◆ THE TASK: Every entry is to be returned unchanged, and no picture is to be included.

◆ EXERCISE DATA:
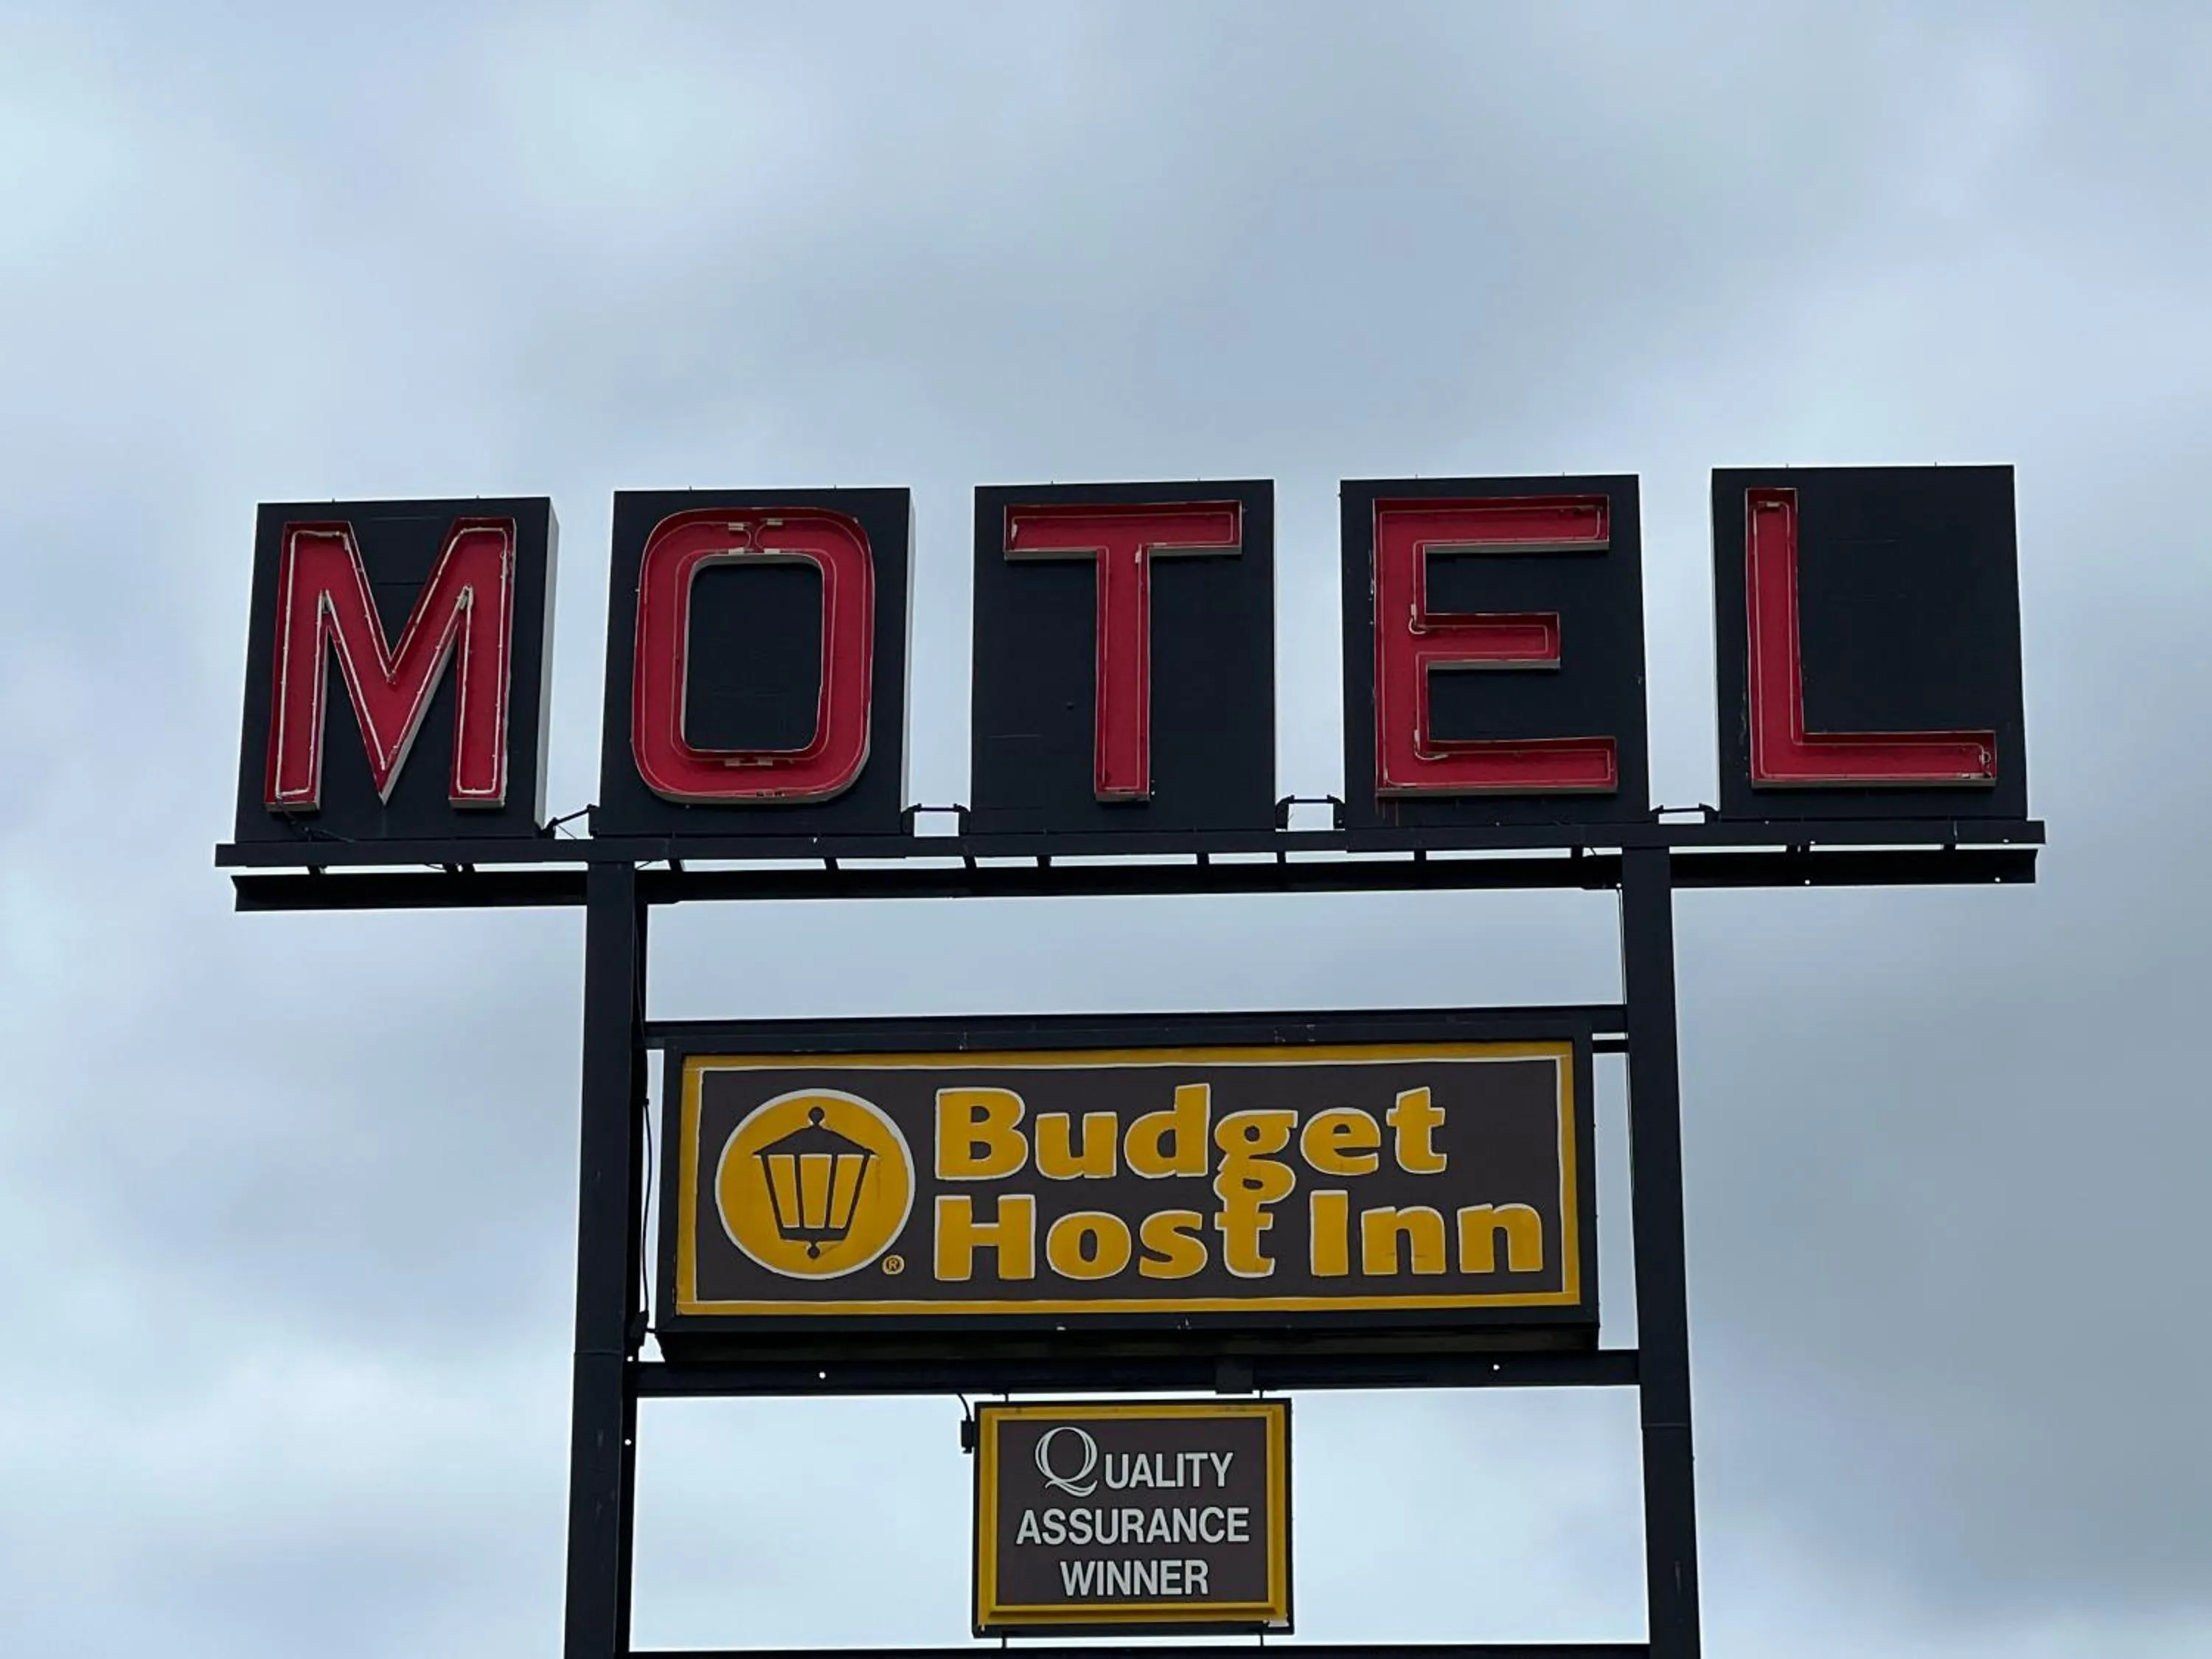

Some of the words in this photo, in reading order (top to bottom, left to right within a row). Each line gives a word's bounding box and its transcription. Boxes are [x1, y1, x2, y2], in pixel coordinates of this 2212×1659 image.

[265, 487, 1996, 813] MOTEL
[935, 1083, 1447, 1203] Budget
[934, 1194, 1275, 1281] Host
[1310, 1189, 1543, 1277] Inn
[1034, 1427, 1234, 1498] QUALITY
[1015, 1506, 1251, 1545] ASSURANCE
[1060, 1559, 1209, 1596] WINNER
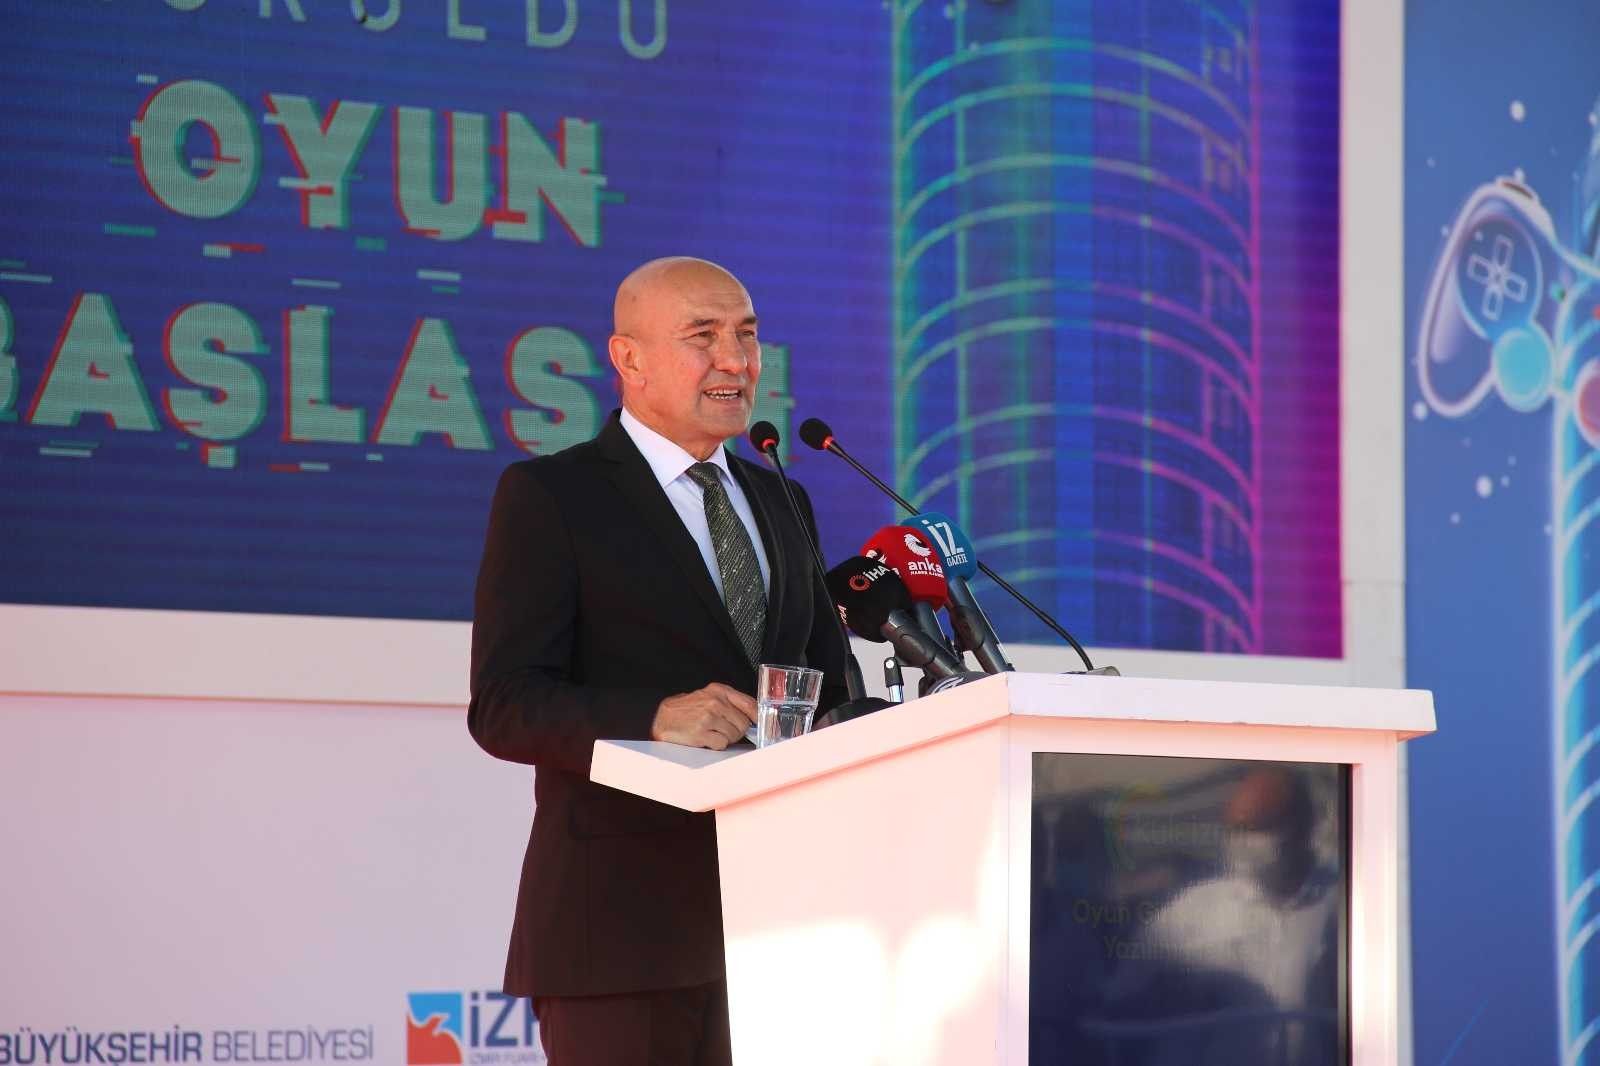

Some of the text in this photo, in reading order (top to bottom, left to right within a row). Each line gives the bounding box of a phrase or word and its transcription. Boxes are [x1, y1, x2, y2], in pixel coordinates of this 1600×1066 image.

[130, 79, 606, 248] OYUN
[907, 557, 944, 574] anka
[946, 553, 969, 567] GAZETE
[212, 1024, 373, 1062] BELEDİYESİ

◆ WRITTEN ANSWER:
Some of the words in this photo, in reading order (top to bottom, left to right within a row). Each line gives a word's bounding box and its transcription. Boxes are [x1, y1, x2, y2], in pixel coordinates of this 2212×1659 image.

[265, 487, 1996, 813] MOTEL
[935, 1083, 1447, 1203] Budget
[934, 1194, 1275, 1281] Host
[1310, 1189, 1543, 1277] Inn
[1034, 1427, 1234, 1498] QUALITY
[1015, 1506, 1251, 1545] ASSURANCE
[1060, 1559, 1209, 1596] WINNER

Some of the text in this photo, in reading order (top to bottom, left to right within a row). Each line gives the bounding box of a phrase or word and its transcription. Boxes are [x1, y1, x2, y2], in pixel coordinates of this 1600×1066 image.

[130, 79, 606, 248] OYUN
[907, 557, 944, 574] anka
[946, 553, 969, 567] GAZETE
[212, 1024, 373, 1062] BELEDİYESİ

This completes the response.